北条氏にとって最大の障壁と目された梶原景時を葬るため、山本耕史演じるメフィラス……もとい三浦義村が弾劾状を作り御家人たちの署名を集める。「りく」は、夫の時政は大物だからといって、まだ誰も署名していない弾劾状の末尾に時政の名を署名させる。やがて一夜にして実に66名もの署名が集まった。景時が御家人たちに嫌われていたのは事実だろう。
そして、いざ2代目鎌倉殿(のちの2代将軍)頼家のもとに弾劾状を提出しようとすると、「りく」は突如として時政の名が書かれた弾劾状の端を刃物で切り取ってしまう。あっけにとられる周囲をよそに、「りく」は「もし何か咎めを受けるようなことがあれば、時政に累が及びますから」と言い放ち、婉然と微笑む。

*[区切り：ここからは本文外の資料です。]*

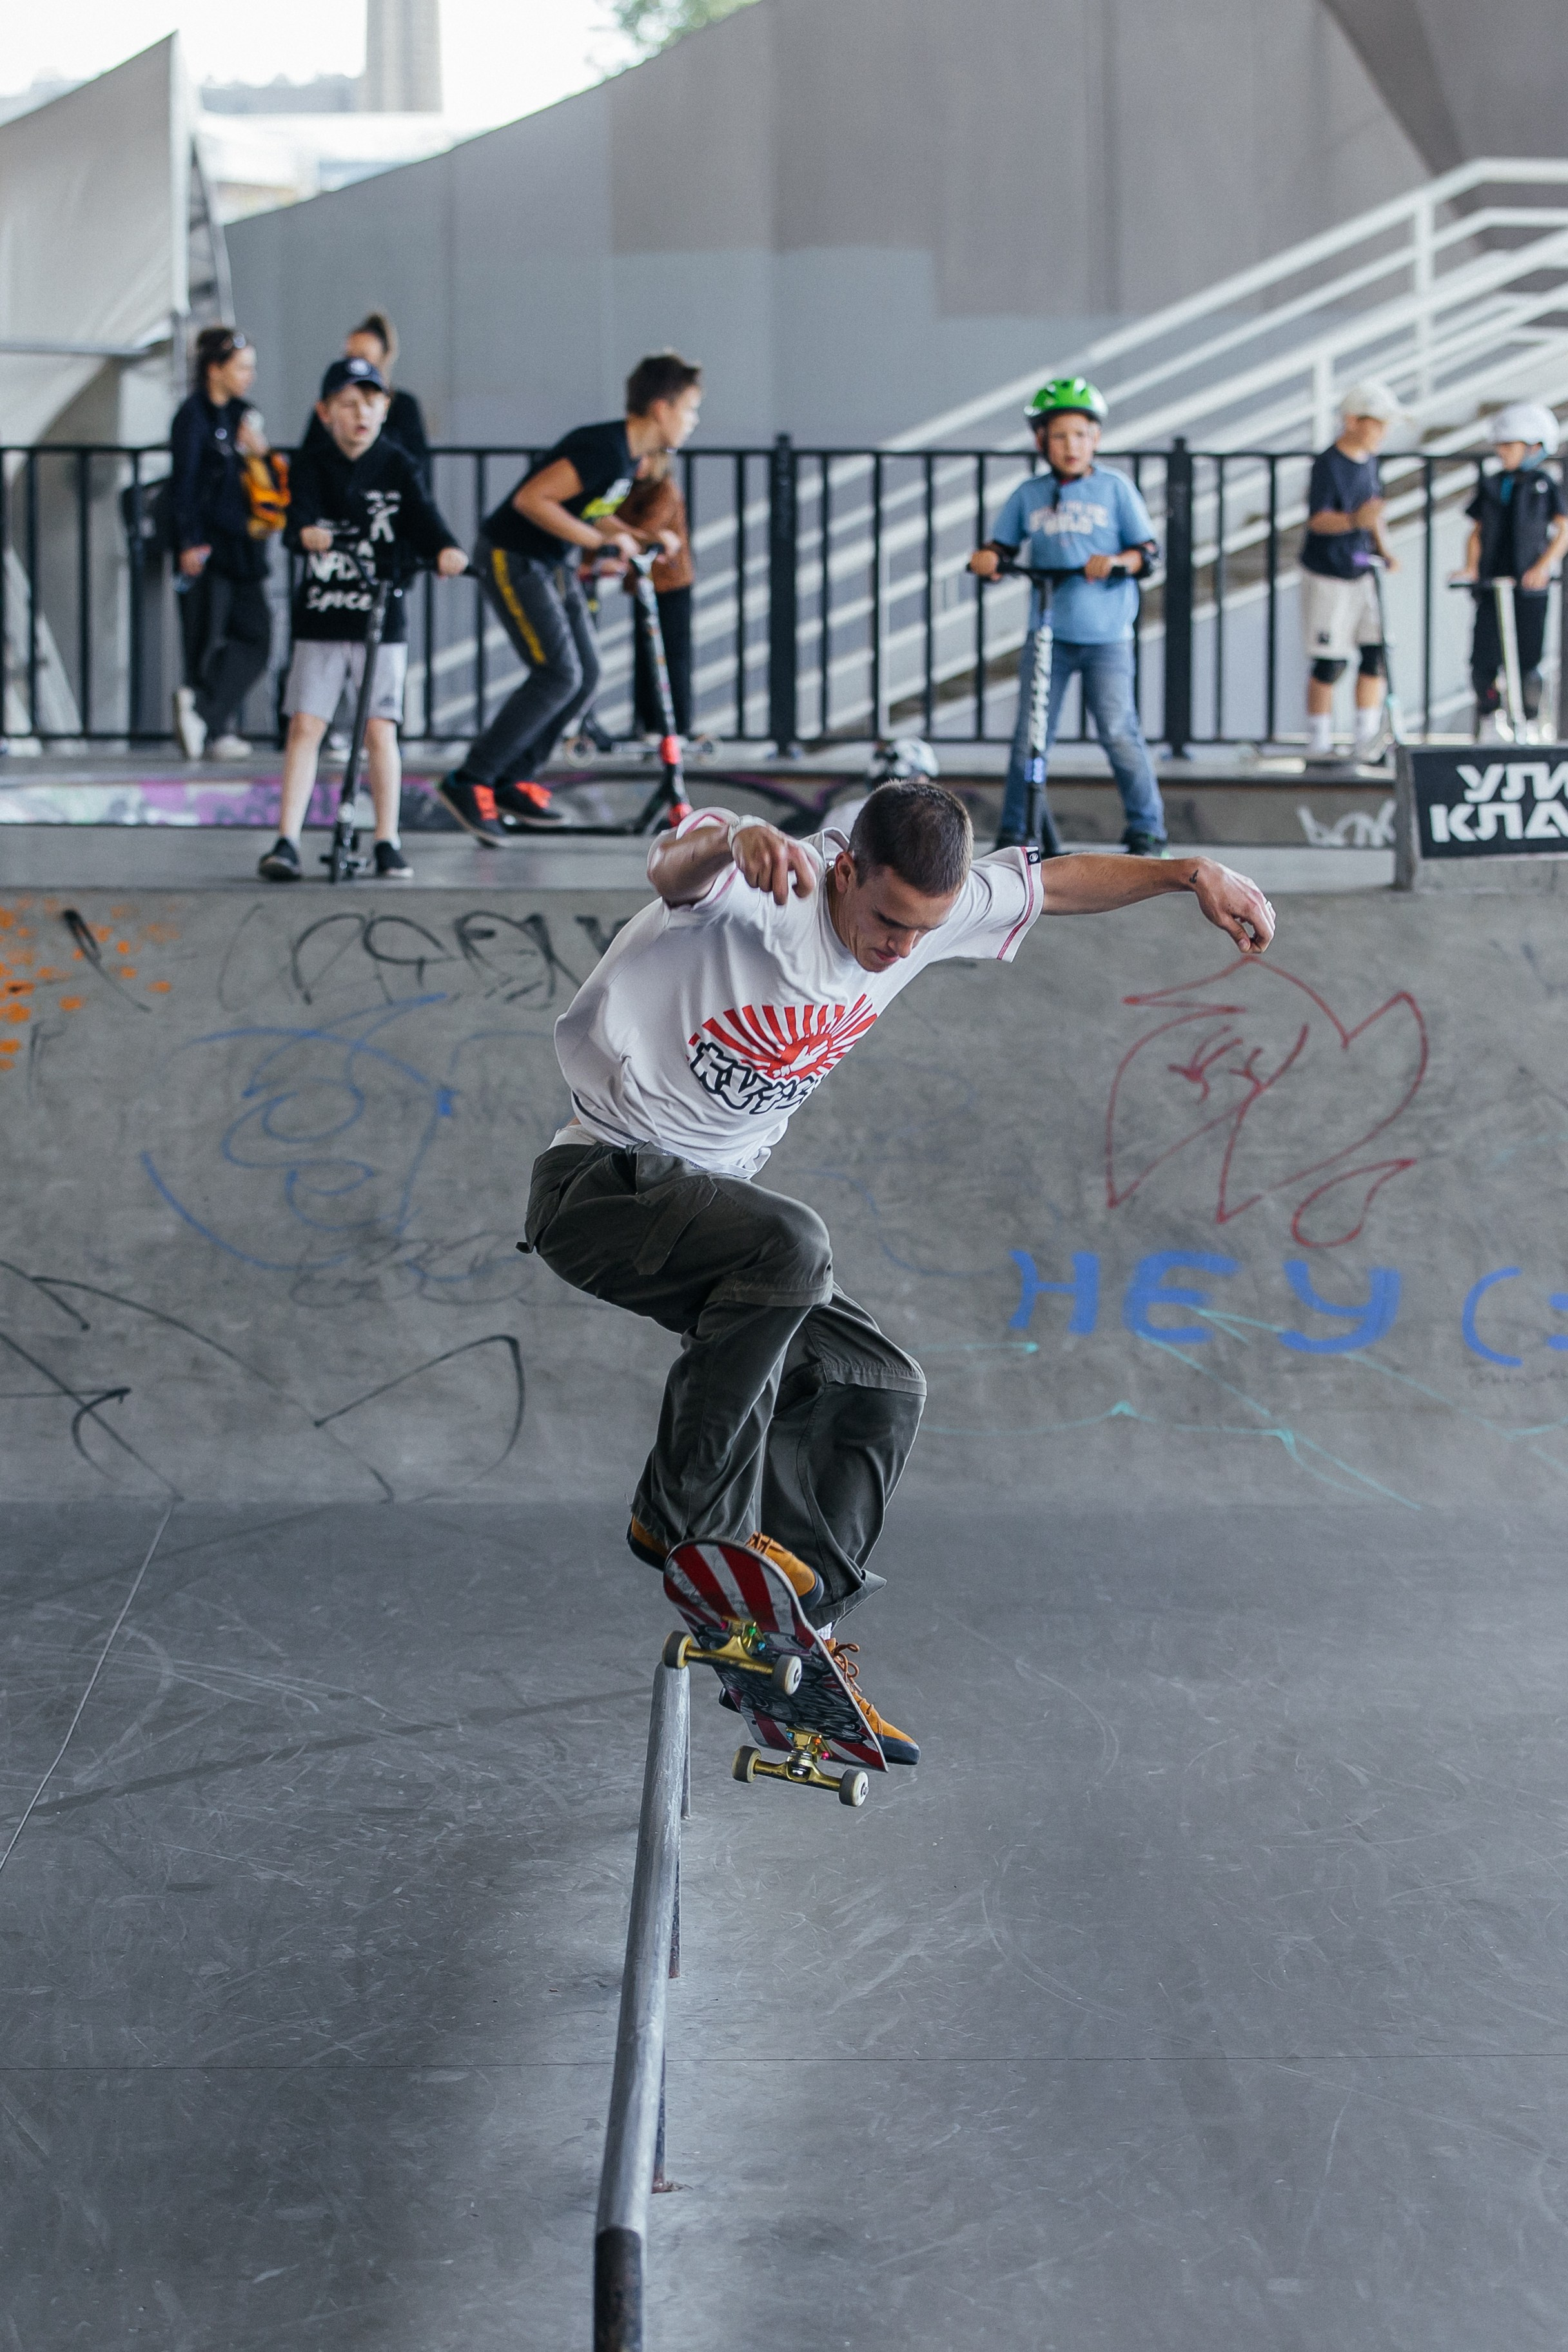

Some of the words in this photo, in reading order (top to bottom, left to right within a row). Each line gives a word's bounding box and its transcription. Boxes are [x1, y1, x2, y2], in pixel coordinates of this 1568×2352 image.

[1455, 761, 1568, 804] УЛИ
[1429, 799, 1568, 843] КЛА
[1010, 1250, 1400, 1353] HEY

梶原景時の追い落としに賛同する素振りをみせながら、頼家が梶原の肩を持ち、むしろ弾劾状に名を連ねた御家人たちを罰しようする事態を想定して、あらかじめ名前を削ってしまったわけだ。
これは景時の弾劾状に時政が署名していなかったという「史実」を使ったフィクションだが、「りく」の策士ぶりを存分に描いた場面だった。三浦義村の口をついて出た「あんた、やるな……」に共感した視聴者は少なくだろう。
時政と牧の方
この「りく」だが、史料に本名は出てこない。「牧の方」という通称で知られているため、ここから先はこのように記すこととする。
近年、京都女子大学名誉教授の野口実氏をはじめとする鎌倉時代研究者の手によって、北条時政は伊豆の小領主ではなく、朝廷から任命された在庁官人(地方役人)の出身で、公家社会や朝廷 とも深いつながりを持つ有力者であることが明らかになってきた。
そして、時政の後妻である牧の方についても、実像が明らかになりつつある。
牧の方は、駿河国(静岡県)の大岡牧を所領とする牧宗親(まき・むねちか)という武士の娘(もしくは妹)とされている。この牧宗親の姉もしくは妹にあたるのが池禅尼(いけのぜんに)。平清盛の父・忠盛の後妻で、平治の乱に敗れて捕縛された源頼朝の助命を清盛に嘆願してくれた人物だ。
こうした家に生まれた牧の方は、京都の貴族社会に強力な人脈を持っていた。
文治元(1185)年、北条時政は頼朝の代官として上洛し、入れ替わりに京を去った源義経を捜索するためと称して守護と地頭の設置を朝廷に認めさせている。これは鎌倉幕府の実質的な成立を意味するとも言われる大きな功績だ。
もともと京都の公家社会とつながりが深かった時政は、旧知の間柄である院近臣(いんのきしん=後白河院に仕える貴族)である吉田経房(よしだ・つねふさ)を頼り、その導きで、朝廷の事実上のトップである後白河院との交渉を進めたとされている。同時に、妻である牧の方の人脈も大きく寄与していたのだ。
時政の上洛の2年前、寿永2(1183)年に、平家一門の平頼盛が鎌倉に下っている。これは池禅尼と平忠盛の子で、清盛の異母弟であると同時に牧の方の従兄弟ということになる。
当時、平家の主流派はすでに都落ちして西日本に逃れていたが、反主流派の立場に置かれていた頼盛は頼朝に接近し、その政権樹立に協力していたのだ。間を取り持ったのは、親族である牧の方であり、その夫の時政だと推測されている。